I hate when people do this - claim, even sarcastically, to understand
what is going on in other peoples' minds. They are usually wrong.

I don't agree with what Gavin is doing, but his reasons are his and his
alone. Let's talk about what our reaction to his action will be.

> But out of this personal dimension, which is undoubtely governed by


I will let Dan Dennet speak for a while:


"When you're reading or skimming argumentative essays, especially by
philosophers, here is a quick trick that may save you much time and
effort, especially in this age of simple searching by computer: look for
"surely" in the document and check each occurrence. Not always, not even
most of the time, but often the word "surely" is as good as a blinking
light locating a weak point in the argument.

Why? Because it marks the very edge of what the author is actually sure
about and hopes readers will also be sure about. (If the author were
really sure all the readers would agree, it wouldn't be worth
mentioning.) Being at the edge, the author has had to make a judgment
call about whether or not to attempt to demonstrate the point at issue,
or provide evidence for it, and – because life is short – has decided in
favour of bald assertion, with the presumably well-grounded anticipation
of agreement. Just the sort of place to find an ill-examined "truism"
that isn't true!"

You get the similarity of surely and undoubtely....

> outside its territory. In such a scenario a tool like Bitcoin, in which
> many have seen a chance for liberation, will transform in its nemesis, a
> rapacious tool for the global control of value transactions by the
> central entity pulling its strings.


I really doubt value can be controlled this way. Value is subjective
perception of people participating in an exchange. Even printed paper
has value, if it buys you food.

Of course it can cause harm, which is the reason we need:
 1.) alternative implementations (thanks to Amir, bitcoin-js guys and
     others)
 2.) honest miners that won't just switch to newer version if someone
     does something stupid. (people like slush)


> The most important thing for all of us now is that the code stays open
> source, so that others can challenge this process. Another important
> thing would be indeed that Gaving resigns from his role because unable
> to fulfill the mission of bitcoin, rather than betraying it and at the
> same time fostering its usage among many people who don't know.


I agree that there should be no Bitcoin foundation and thus no Gavin in
it.

I don't agree that Gavin should resign from the project.
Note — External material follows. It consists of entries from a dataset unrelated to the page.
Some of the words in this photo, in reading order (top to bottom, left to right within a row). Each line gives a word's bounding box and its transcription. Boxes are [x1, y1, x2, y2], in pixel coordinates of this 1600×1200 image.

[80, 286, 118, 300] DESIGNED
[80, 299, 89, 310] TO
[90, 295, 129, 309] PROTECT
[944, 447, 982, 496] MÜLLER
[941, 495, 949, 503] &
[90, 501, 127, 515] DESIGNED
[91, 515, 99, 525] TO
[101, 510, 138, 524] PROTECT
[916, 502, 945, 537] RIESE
He has
contributed a lot of time and effort to Bitcoin, probably more than
most of us on this list. Again - if Bitcoin truly is robust and
decentralized, it should not fall or rise based on what a developer
thinks or does. If this is the case, that's what needs to be fixed,
that's the vulnerability - not kicking people out, but making sure
they can't do anything really bad systematically.

I agree he should not try to represent Bitcoin users. And I understand
that we are all sick of people trying to represent and explain what we
think to others (and then find that we are doing the same thing, which
is even worse).

> scheme), while Bitcoino - an invention that hails the disappearance of
> its own author and of leadership and control - was always governed by a
> centralized hierarchy among its developers since its very early days...
> its almost romantic today to note how a few have fought this situation
> since the beginning, among them Amir.


I like to think of this as creating, not fighting. Fighting has
casualties. Creating makes things better :)
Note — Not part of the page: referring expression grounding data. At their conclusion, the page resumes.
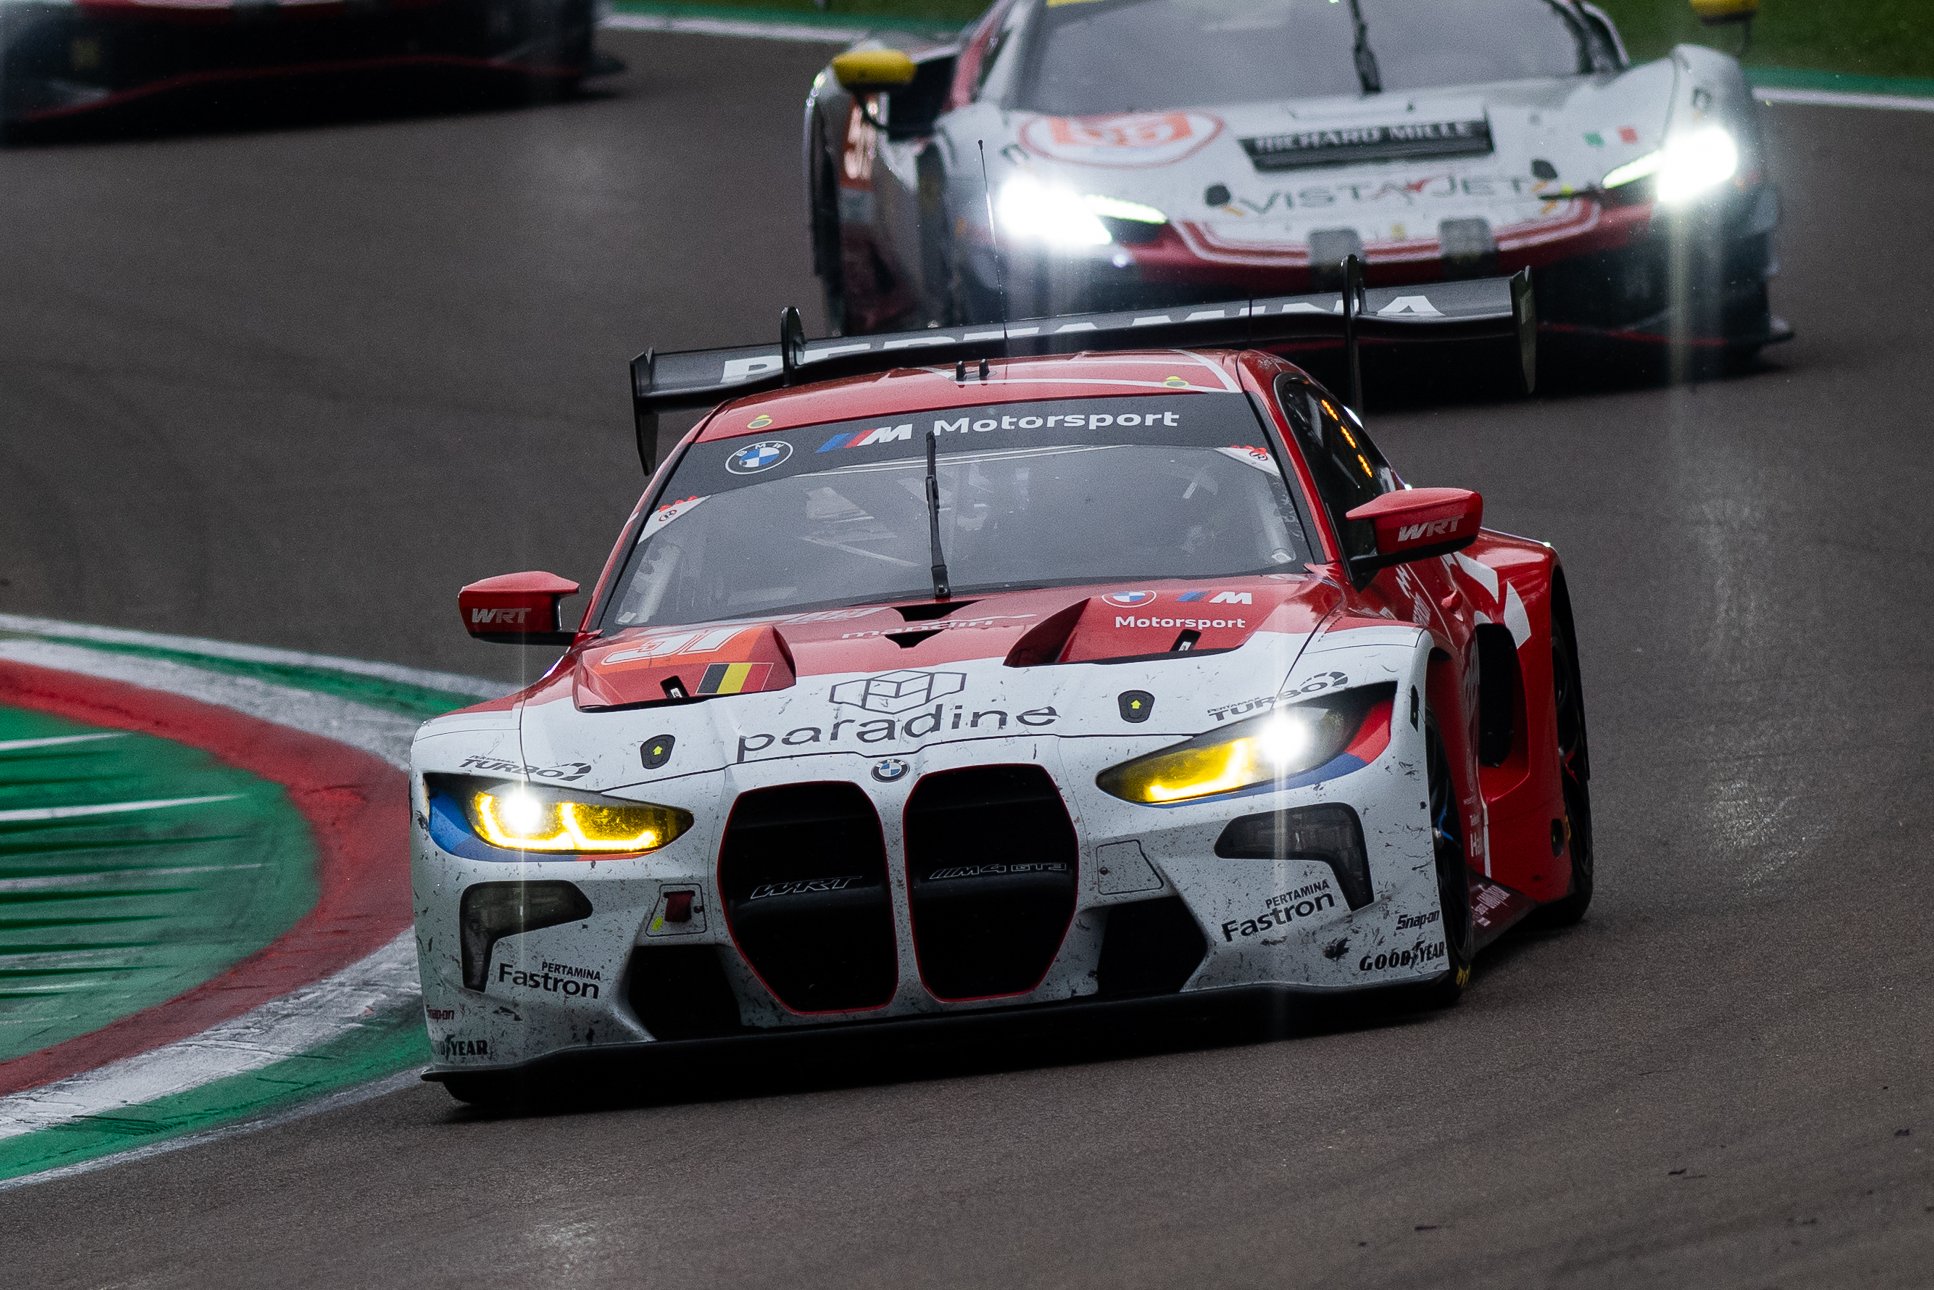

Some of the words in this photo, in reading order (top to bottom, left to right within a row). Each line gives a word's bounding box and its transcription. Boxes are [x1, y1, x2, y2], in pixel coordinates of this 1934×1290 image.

[933, 411, 1180, 437] Motorsport
[1397, 514, 1466, 543] WRT
[471, 607, 533, 624] WRT
[1115, 615, 1246, 630] Motorsport
[1208, 681, 1329, 722] TURBO
[737, 703, 1062, 764] paradine
[459, 758, 565, 779] TURBO
[1010, 862, 1068, 873] GT3
[750, 875, 863, 900] WRT
[1266, 879, 1331, 909] PERTAMINA
[1221, 892, 1335, 943] Fastron
[1396, 909, 1441, 931] Snap-on
[499, 962, 601, 1000] Fastron
[541, 961, 602, 981] PERTAMINA
(Sorry to all, that's just me trying not to endorse phrases like
"battlefield of science" or "war on evil". It's not a fucking war,
it's a distributed database of transactions - revolutionary? yes.
are people dying or suffering? no :).

> The main question I'm interested to have answered now is whether the
> hacker culture at large, which bootstrapped Bitcoin to its size today,
> will be able to steer this narrative in other directions, or will let it
> be appropriated by some centralizing foundation or venture capital
> scams. I guess in our case the answer might be visible in graphs of
> value fluctuations.


I guess we could see it, but I see value fluctuation as noise more
than anything. Noise that's coming from people's action, but I don't
think we can infer from it backwards. It's butterfly effects -
multiplied again and again and again.

I am also curious how will all of this proceed and I hope for the best,
but I don't think hacker culture is responsible for any narratives.
What's the only important thing here: Will people use it? Do people want
it? (I don't mean majority of people - I mean some people).

Bitcoin is a revolution of sorts, but completely irrelevant to 98.2%
of population so far. That does not mean it won't change the world
and it actually already changed the world a lot.
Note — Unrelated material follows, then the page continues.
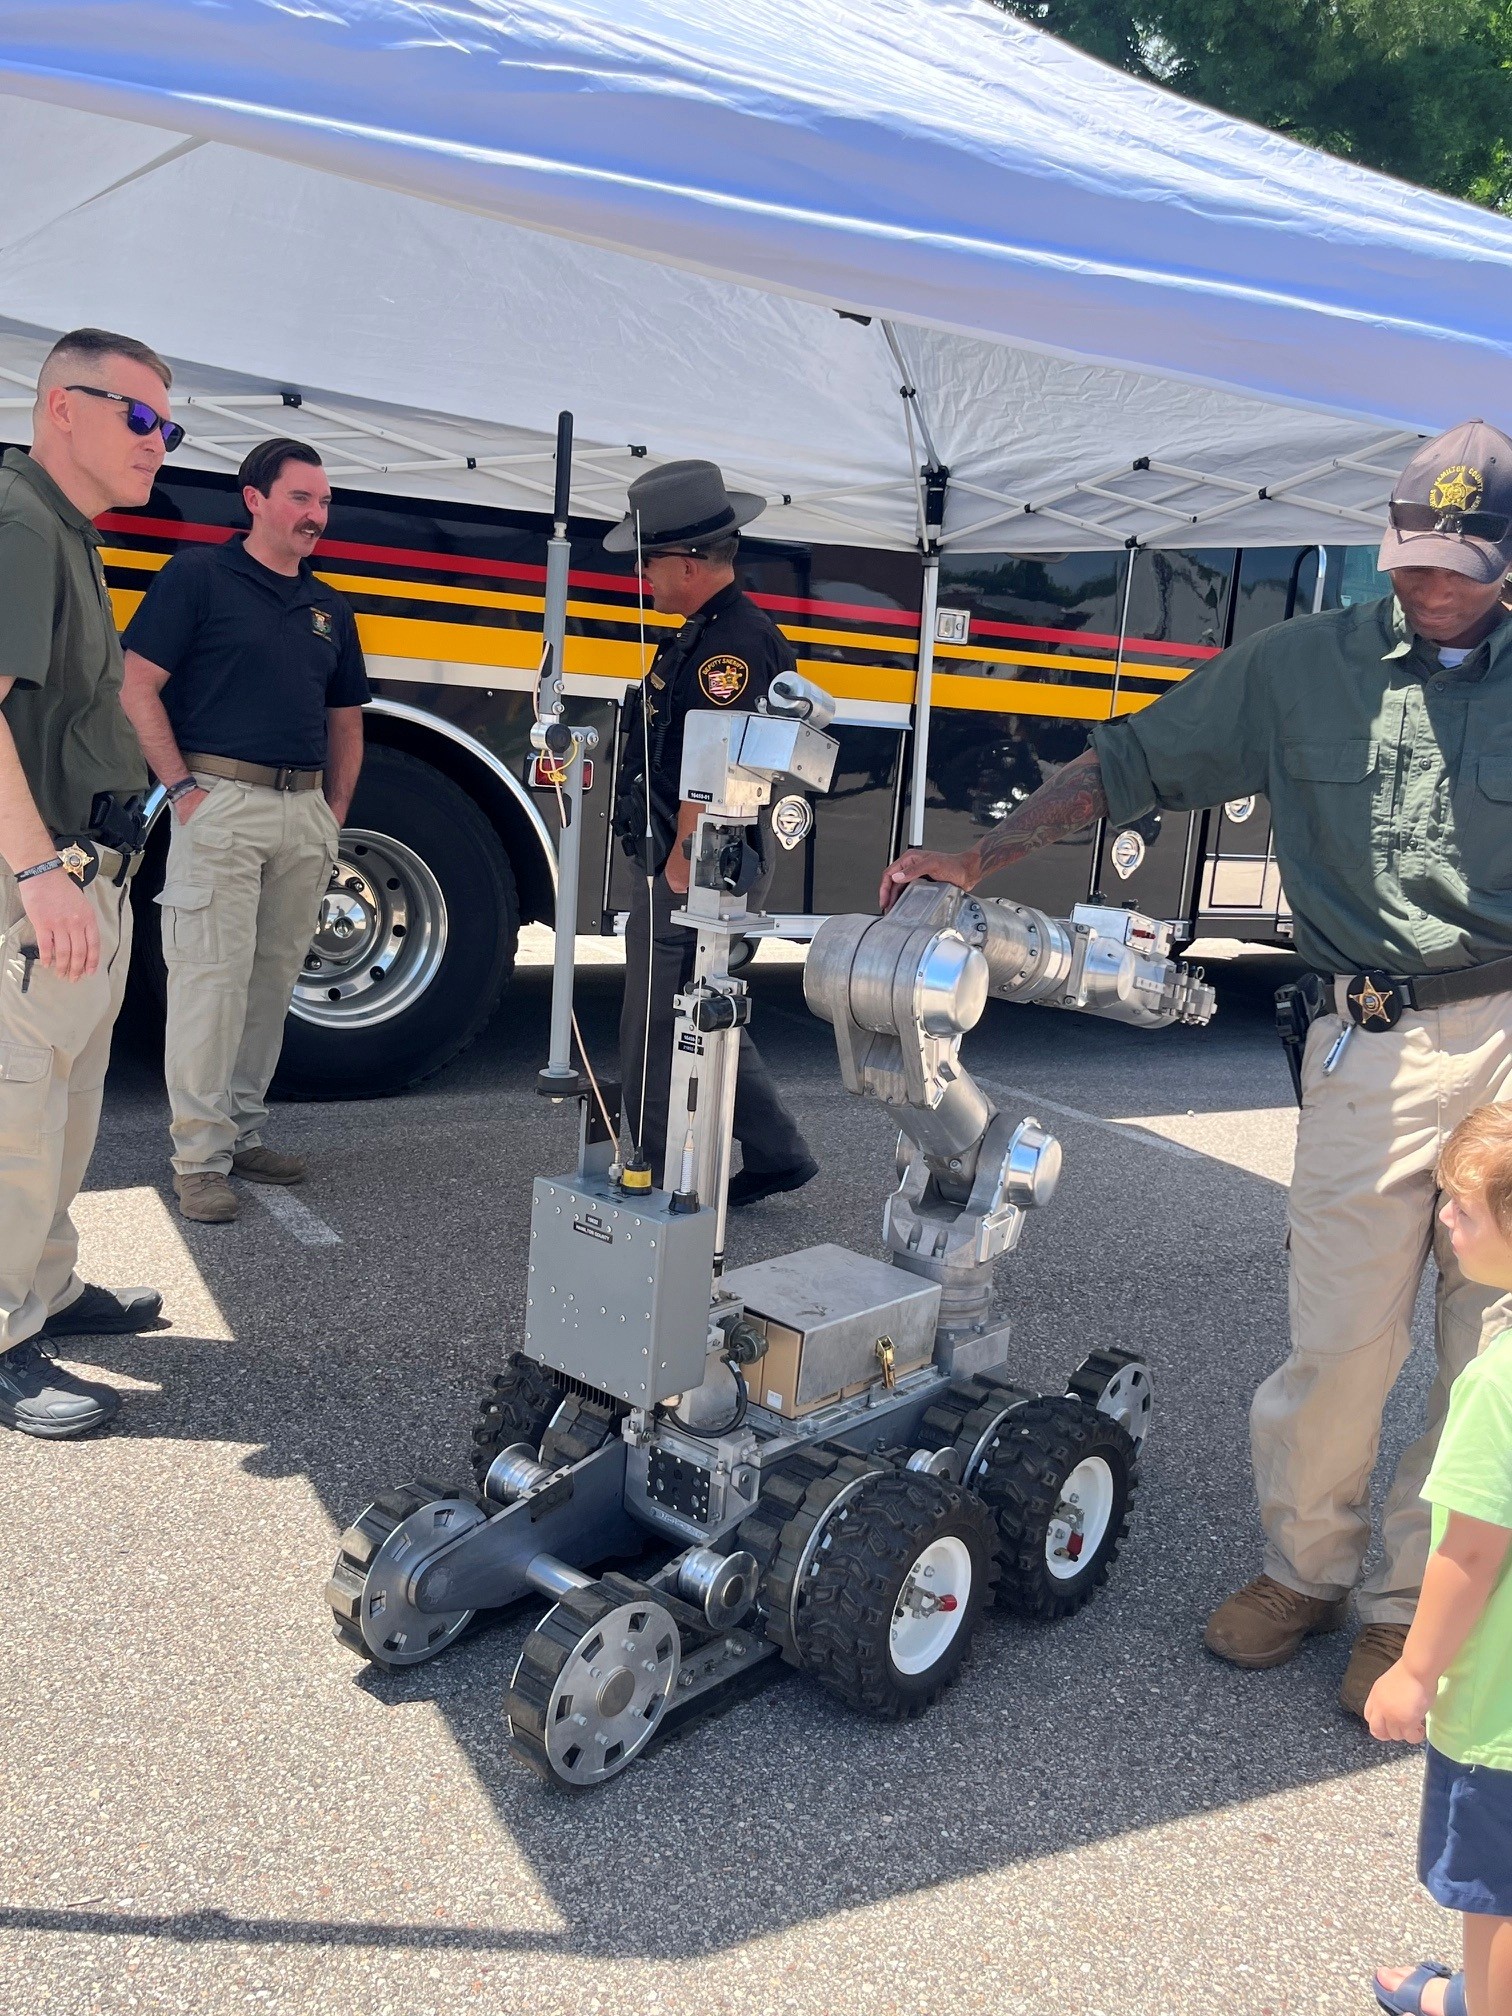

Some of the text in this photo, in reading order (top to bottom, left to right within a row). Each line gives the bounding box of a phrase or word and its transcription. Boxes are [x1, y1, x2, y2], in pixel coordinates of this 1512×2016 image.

[1434, 465, 1484, 492] HAMILTON COUNTY
[702, 658, 745, 675] DEPUTY SHERIFF
> the GNU GPL license is granting that all code should stay open source,
> this is a very important condition for everyone involved. while adopting
> MIT/BSD could be an option, I advice against it since enlarging the user
> base by permitting closed source distributions is a secondary priority
> to that of keeping it all open source (I've sketched the reasons above)


These are your priorities :). And probably Amir's, because he has chosen
this license. I don't mind or criticize this decision, but people may
have (and usually have - because we are discussing this) different
priorities than you.

> regarding the C API, jgarzik has packed together an excellent codebase
> with picocoin that lets one operate on blockchains and such, its worth a
> look.


Thanks for this, interesting project.

Sorry for being so blunt, I did not want to hurt your feelings in any
way, it's just I sometimes see the world differently and for some
strange reason I had to express it today. I love you anyway.

Peace,

     Juraj.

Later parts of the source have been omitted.